Meh. My bad. I'm rambling on again but I'll break down my main suggestions.
Get them out of the feedback loop of liberalism. Figure out how to get them away from electronic media and get them away from their little liberal wolf packs. This whole liberal social order was designed to reinforce bias. It's designed to slowly outcast people for wrong think after they've been humiliated mentally, socially and emotionally. Those are the things that a person looks for in friendships and relationships. Liberals know this and exploit it.
Get them to go somewhere they've never been and tell them to look for a job. They'll look around and find it impossible. When they bitch explain to them this is the new liberal dream. Alot of these people have it nice.
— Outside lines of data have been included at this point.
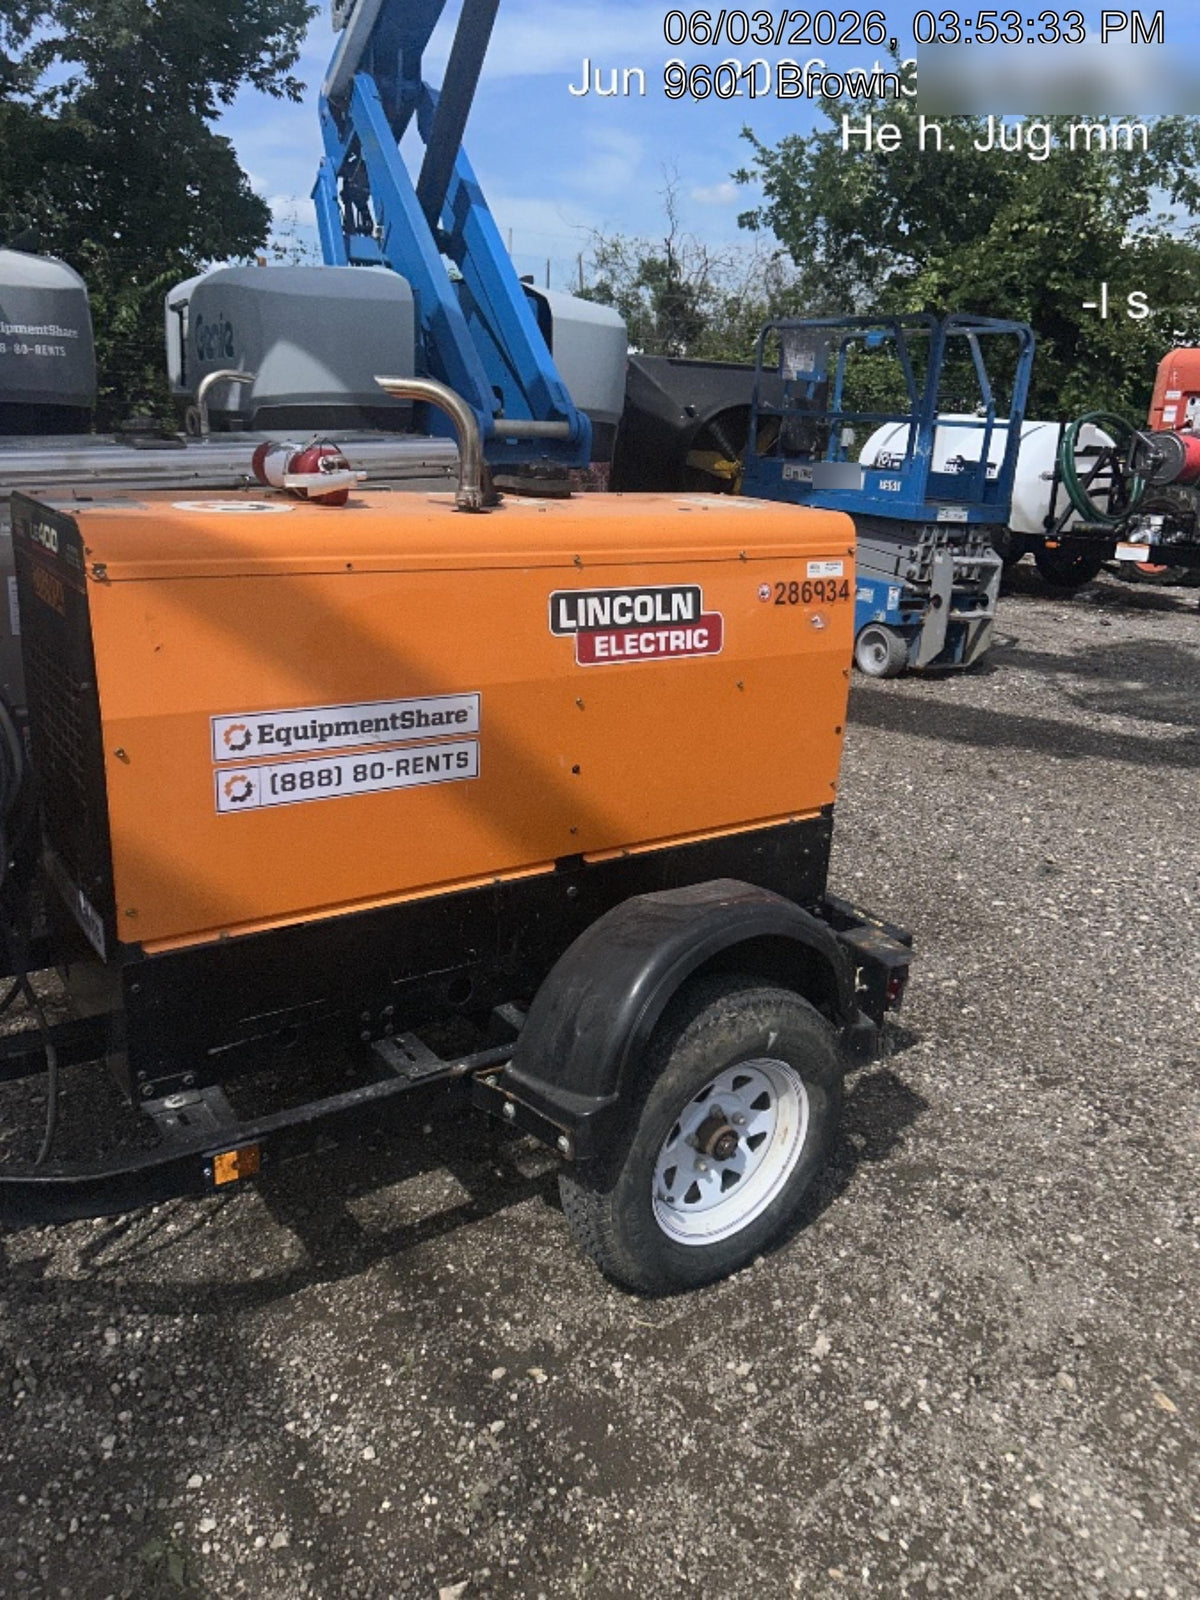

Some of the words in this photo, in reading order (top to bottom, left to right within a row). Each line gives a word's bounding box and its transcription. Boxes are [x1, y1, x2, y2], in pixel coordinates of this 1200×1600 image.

[559, 592, 694, 628] LINCOLN
[774, 579, 850, 605] 286934
[594, 628, 709, 657] ELECTRIC
[257, 708, 469, 747] EquipmentShare
[270, 766, 342, 795] (888)
[353, 751, 469, 783] 80-RENTS
Mommy paid for the college they could play around at and daddy could get them a job at the call center when they flunked out. They don't have to get by on their own merits. If they did that would be a different story. Tell them to really look around their environment and ask them if they really think giving up thier future and their kids future for social video game points and momentary social acceptance is really worth it. Is impressing your professor who hates your really guts worth ruining your kids' future? Is schmoozing the government for a hand out really worth personal stagnation?
Tell them it's ok to be a little selfish in time and demeanor. Life is not a holier than thou contest. I think liberals try to prove that you can be a good person with out having God but next thing you know they're stealing shit at someone's housewarming and beating women. They do it to try and work you over. That way they can do the "agree to disagree" thing and still have a couch to crash on. Tell them it's ok to be upfront about hating hating people you disagree with. I tru to be respectful when I first meet people but I talk so much mad shit on people to their face when we disagree. These people know where I stand. That's real respect. I'm not going to run them around I have better things to do with my time. If they don't like it I'm not going to suck back up to get what I want out of them. I'll just go to my apartment and figure out how to be a better person. I don't need them like they need me. If that makes me an asshole then why are you missing me?
Alright. Thanks for the suggestions!
That's a great quote.
Yeah. No one where I'm from says nice shit about anyone. I've never had my ass kissed. To an extent I like it when people talk shit at me. It amps me up. It gets me rowdy. It's great. When people call me a bitch it's fun as fuck to let the wolf loose and correct the record. I'm the kind of mother fucker that'll put my forehead through a fucker's nose when they step up and talk shit at the bar. Wounds heal. Reputation and honor take decades to build.